The mass transfer coefficient k encapsulates the combined effects of molecular diffusion and convective transport in the boundary layer adjacent to the evaporating surface. For natural convection conditions with stagnant air, k typically ranges from 0.0005 to 0.003 m/s for water evaporation. Forced convection dramatically increases k—air velocities of 2-5 m/s can elevate k to 0.01-0.025 m/s, representing order-of-magnitude enhancement. The relationship between k and air velocity follows empirical correlations derived from dimensionless analysis using the Sherwood number (Sh = kL/D), Reynolds number, and Schmidt number, where L represents a characteristic length and D is the binary diffusion coefficient of vapor in air.
A critical but often overlooked aspect is that evaporation is an endothermic process requiring latent heat of vaporization to be continuously supplied to the liquid surface.

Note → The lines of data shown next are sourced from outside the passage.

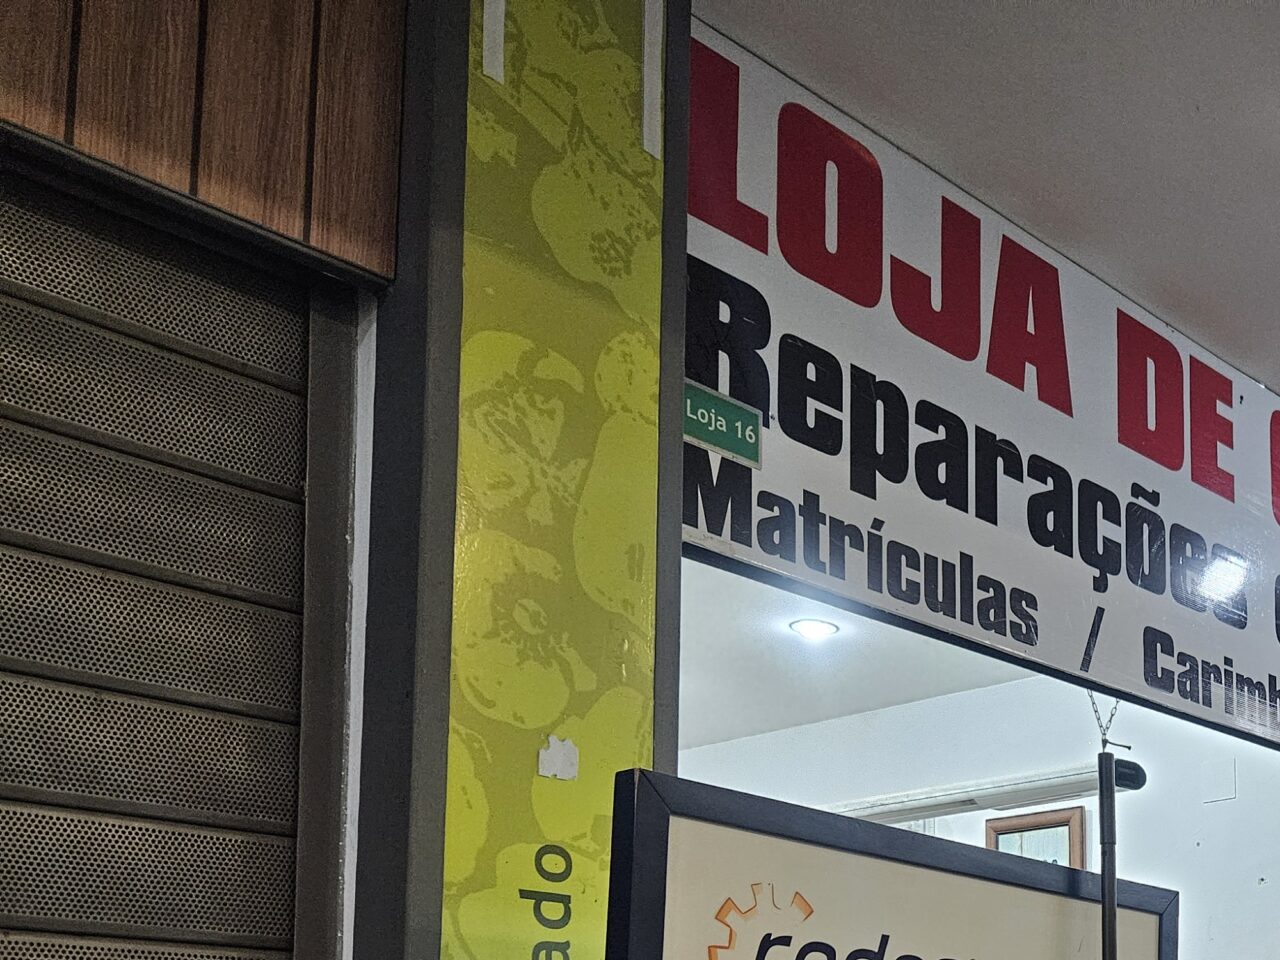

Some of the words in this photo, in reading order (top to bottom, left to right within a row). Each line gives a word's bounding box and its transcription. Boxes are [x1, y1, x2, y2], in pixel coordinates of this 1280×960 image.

[686, 397, 728, 433] Loja
[734, 420, 756, 444] 16
[688, 36, 1073, 418] LOJA
[1116, 307, 1235, 504] DE
[682, 443, 1039, 647] Matrículas
[1080, 607, 1105, 672] /
[685, 253, 1248, 630] Reparações

For water at 20°C, this amounts to approximately 2454 kJ/kg. In closed or poorly ventilated systems, the liquid temperature drops during evaporation—a phenomenon called evaporative cooling—which reduces Psat and consequently decreases the evaporation rate over time. The temperature depression can reach 5-8°C for rapidly evaporating water pools in still air before quasi-steady conditions establish. Process engineers must account for this thermal feedback when sizing evaporation equipment or predicting drying times.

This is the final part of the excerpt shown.